Uber Eats renforce son offre de livraison d’épicerie alors que les blocages de COVID-19 se poursuivent

Uber Eats a renforcé les options de livraison d’épicerie sur trois marchés durement touchés par le coronavirus.

La division de livraison de produits alimentaires d’Uber a annoncé aujourd’hui qu’elle avait signé un partenariat avec le géant des supermarchés Carrefour en France afin de fournir aux Parisiens une livraison à domicile de 30 minutes sur une gamme de produits d’épicerie, notamment des aliments de tous les jours, des articles de toilette et des produits de nettoyage.

Le service démarre avec 15 magasins en ville, avec Uber Eats disant qu’il prévoit de l’étendre rapidement à l’échelle nationale « dans les prochaines semaines ».

En Espagne, il s’est associé à la marque de station-service Galp pour offrir un service de livraison d’épicerie composé d’aliments de base, de médicaments en vente libre, de boissons et de produits de nettoyage dans 15 villes des 8 provinces suivantes: Badajoz, Barcelone, Cadix, Cordoue, Madrid, Malaga, Palma de Majorque et Valence.

Uber Eats a déclaré qu’il y aurait un premier 25 dépanneurs Galp participants. Le service sera non seulement offert via l’application Uber Eats mais également par téléphone pour ceux qui n’ont pas accès à un smartphone ou à Internet.

Le troisième marché sur lequel il a conclu des accords est le Brésil, où Uber a annoncé son partenariat avec une gamme de pharmacies, de dépanneurs et d’animaleries à Sao Paulo pour offrir la livraison à domicile avec des fournitures de base.

«Les médicaments en vente libre seront disponibles dans la chaîne de pharmacies Pague Menos, les produits d’épicerie des dépanneurs Shell Select et les fournitures pour animaux de Cobasi – l’une des plus grandes chaînes d’animaleries du pays», a-t-il déclaré. «Les nouveaux services seront disponibles sur l’application Uber Eats, avec des plans de lancement dans d’autres États et villes du Brésil dans les prochaines semaines.»

Les liens avec les épiceries ne sont pas les premiers accords de ce type avec Uber Eats. La société avait déjà conclu des partenariats avec un supermarché en Australie (Coles) et la marque Costcutter au Royaume-Uni, où environ 600 dépanneurs indépendants sont proposés via son application.

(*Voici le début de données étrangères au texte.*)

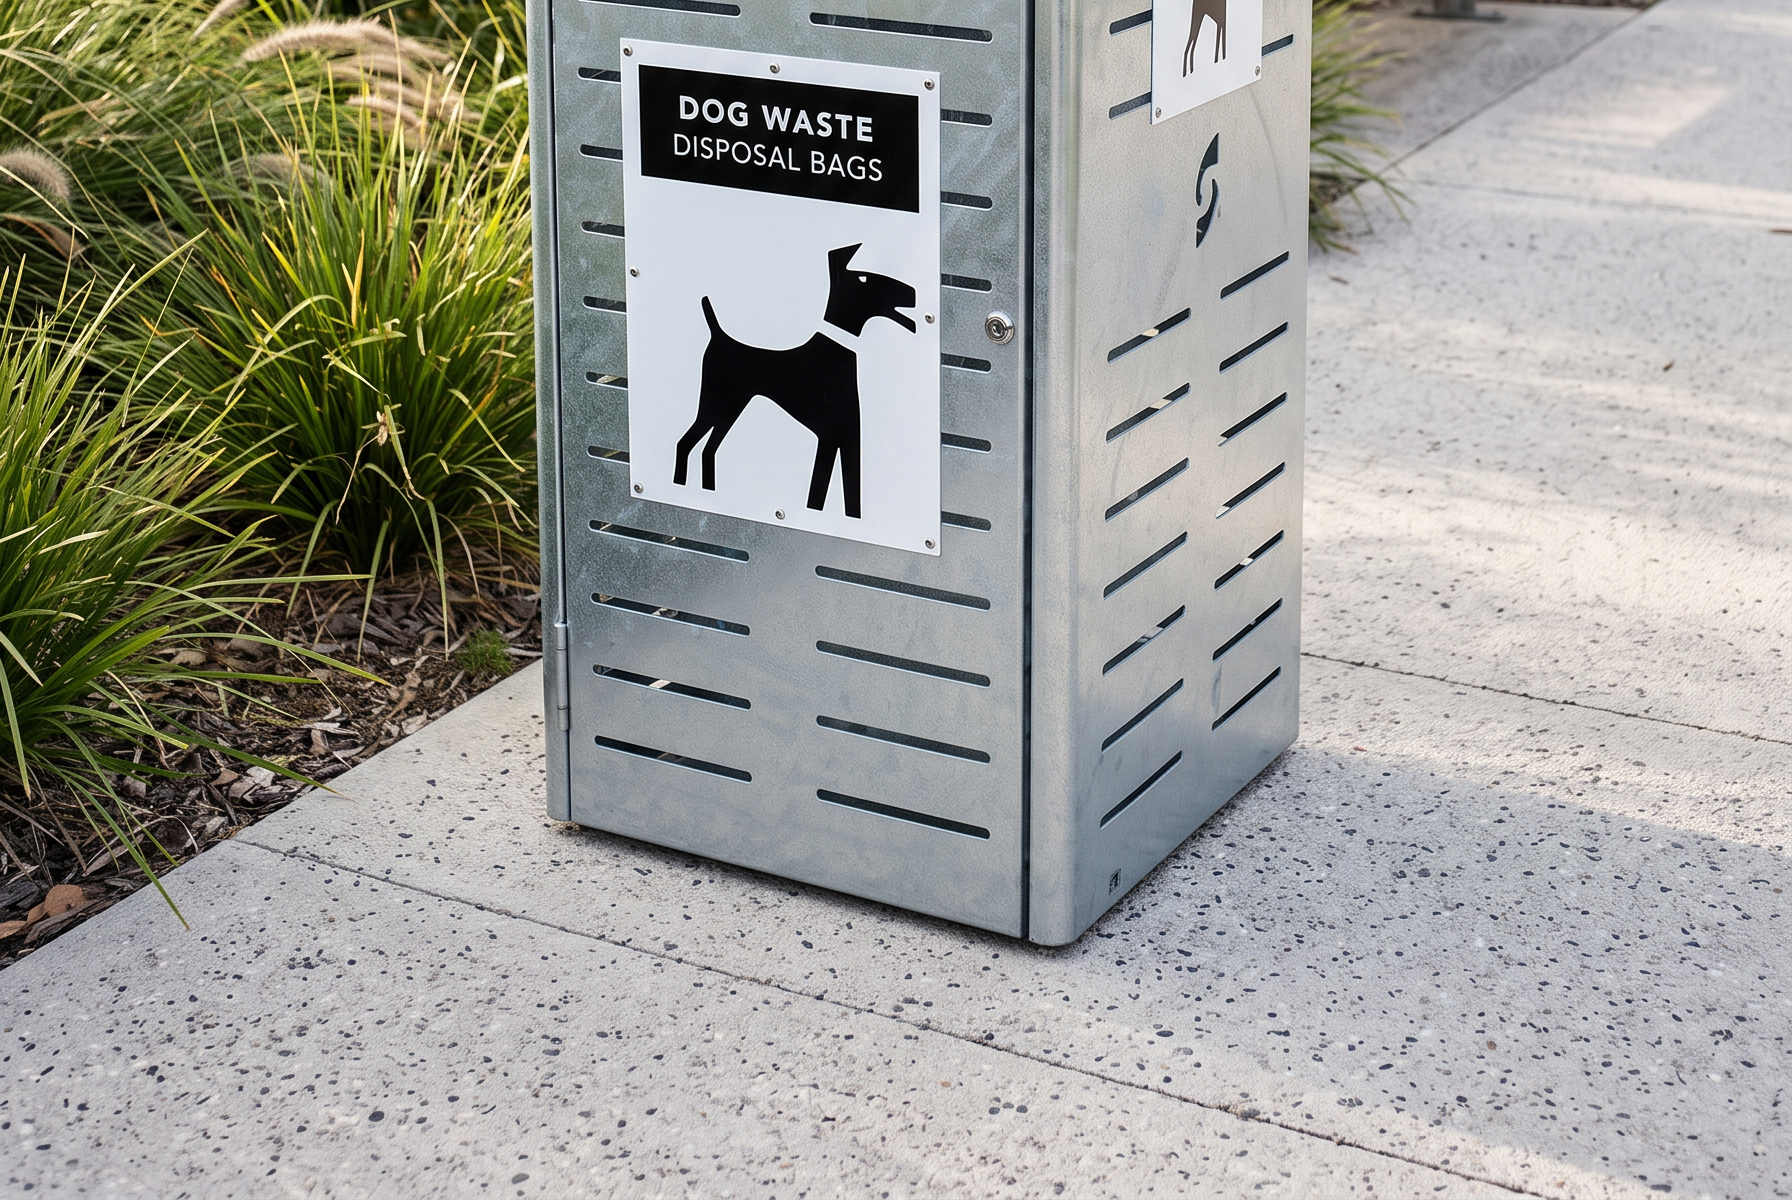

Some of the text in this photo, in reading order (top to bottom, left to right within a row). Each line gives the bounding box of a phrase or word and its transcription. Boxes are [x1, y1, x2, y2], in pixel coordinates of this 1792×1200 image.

[679, 95, 873, 143] DOG WASTE
[673, 133, 883, 182] DISPOSAL BAGS

Uber Eats permet également aux dépanneurs indépendants des pays du monde de s’afficher sur son application. Cependant, les derniers rapprochements ont mis plus de viande de marque sur l’os de son offre d’épicerie en Europe et en Amérique latine – avec le Le rapprochement de Carrefour en France marque son premier partenariat avec un grand supermarché en Europe.

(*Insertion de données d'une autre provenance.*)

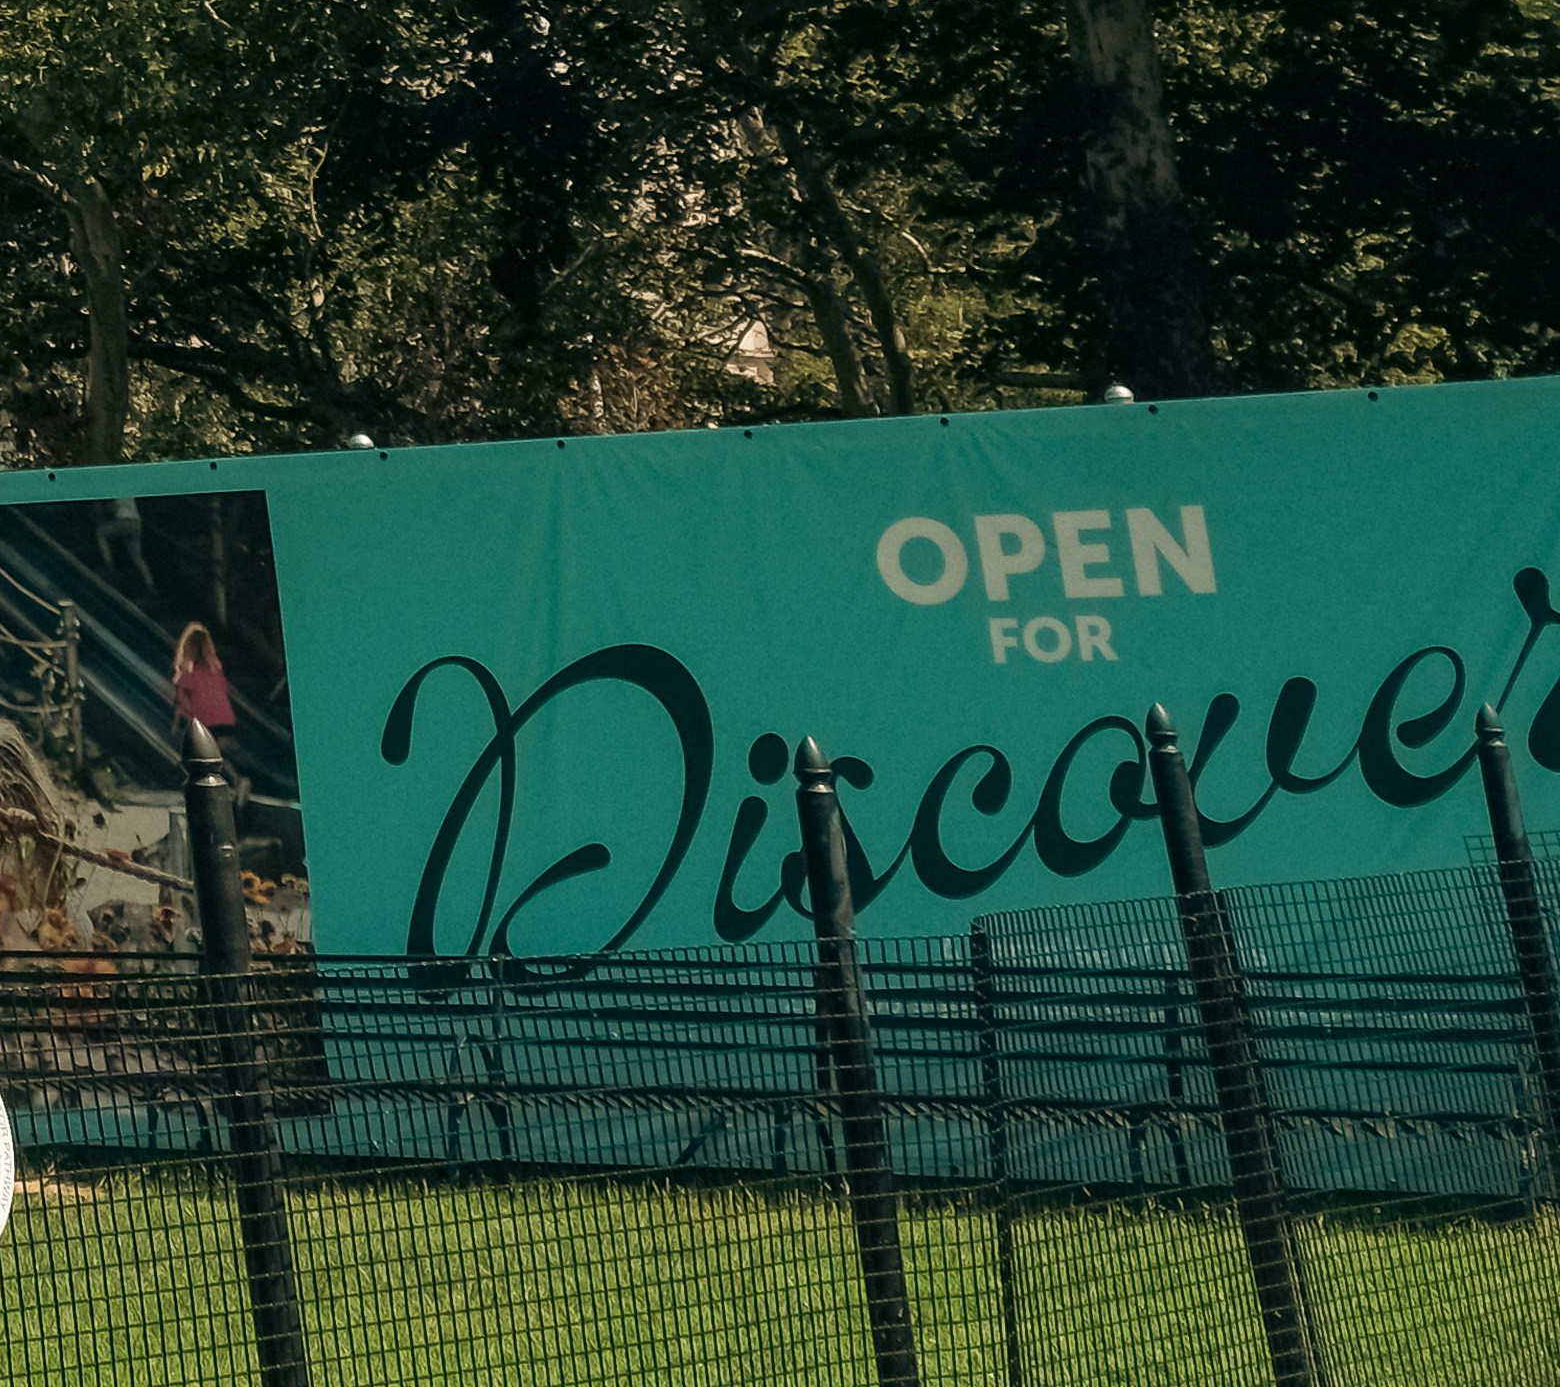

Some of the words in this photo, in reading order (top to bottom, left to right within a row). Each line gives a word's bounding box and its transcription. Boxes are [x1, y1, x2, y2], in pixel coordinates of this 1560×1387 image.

[875, 505, 1219, 607] OPEN
[988, 615, 1118, 665] FOR
[0, 1142, 12, 1212] PATHWAY

Il convient de noter que Glovo, rival espagnol de la livraison de produits alimentaires, a déjà un partenariat de livraison de produits alimentaires avec le géant français des supermarchés sur les marchés de son pays d’origine, ce qui explique probablement pourquoi Uber Eats a opté pour un autre partenaire en Espagne.

Lorsqu’on lui a demandé s’il souhaitait étendre ses livraisons d’épicerie sur d’autres marchés touchés par l’urgence de santé publique, Uber Eats nous a dit qu’il explorait les possibilités de partenariat avec davantage de supermarchés, de dépanneurs et d’autres détaillants dans le monde.

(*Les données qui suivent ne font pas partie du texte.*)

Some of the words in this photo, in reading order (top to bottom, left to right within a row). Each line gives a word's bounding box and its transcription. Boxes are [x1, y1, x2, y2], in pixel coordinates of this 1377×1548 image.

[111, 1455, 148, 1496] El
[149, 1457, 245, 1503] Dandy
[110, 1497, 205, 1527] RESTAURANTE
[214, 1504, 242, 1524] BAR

Dans le cadre de sa réponse à la menace posée par la pandémie de COVID-19, la société a commuté toutes les livraisons sans contact par défaut – avec des commandes laissées à la porte ou selon les instructions d’un utilisateur.

Deliveroo et Glovo en Europe optent pour la livraison sans contact pendant la pandémie de COVID-19

Il nous a également indiqué qu’il fournissait aux chauffeurs et aux livreurs un accès au désinfectant pour les mains, aux gants et aux lingettes désinfectantes, dès qu’ils seront disponibles. Et a déclaré qu’il fournissait aux utilisateurs de ses applications des conseils sur les meilleures pratiques d’hygiène et la limitation de la propagation du virus.

Uber Eats a déjà déclaré qu’elle fournirait un soutien financier de 14 jours aux chauffeurs et aux livreurs qui reçoivent un diagnostic de COVID-19 ou qui sont personnellement mis en quarantaine par une autorité de santé publique en raison de leur risque de propagation du virus, le montant étant basé sur leurs gains moyens au cours des six derniers mois ou moins.

La politique doit être révisée le 6 avril.

Traduit de l’anglais de https://techcrunch.com/2020/04/01/uber-eats-beefs-up-its-grocery-delivery-offer-as-covid-19-lockdowns-continue/

Laisser un commentaire

Votre adresse e-mail ne sera pas publiée.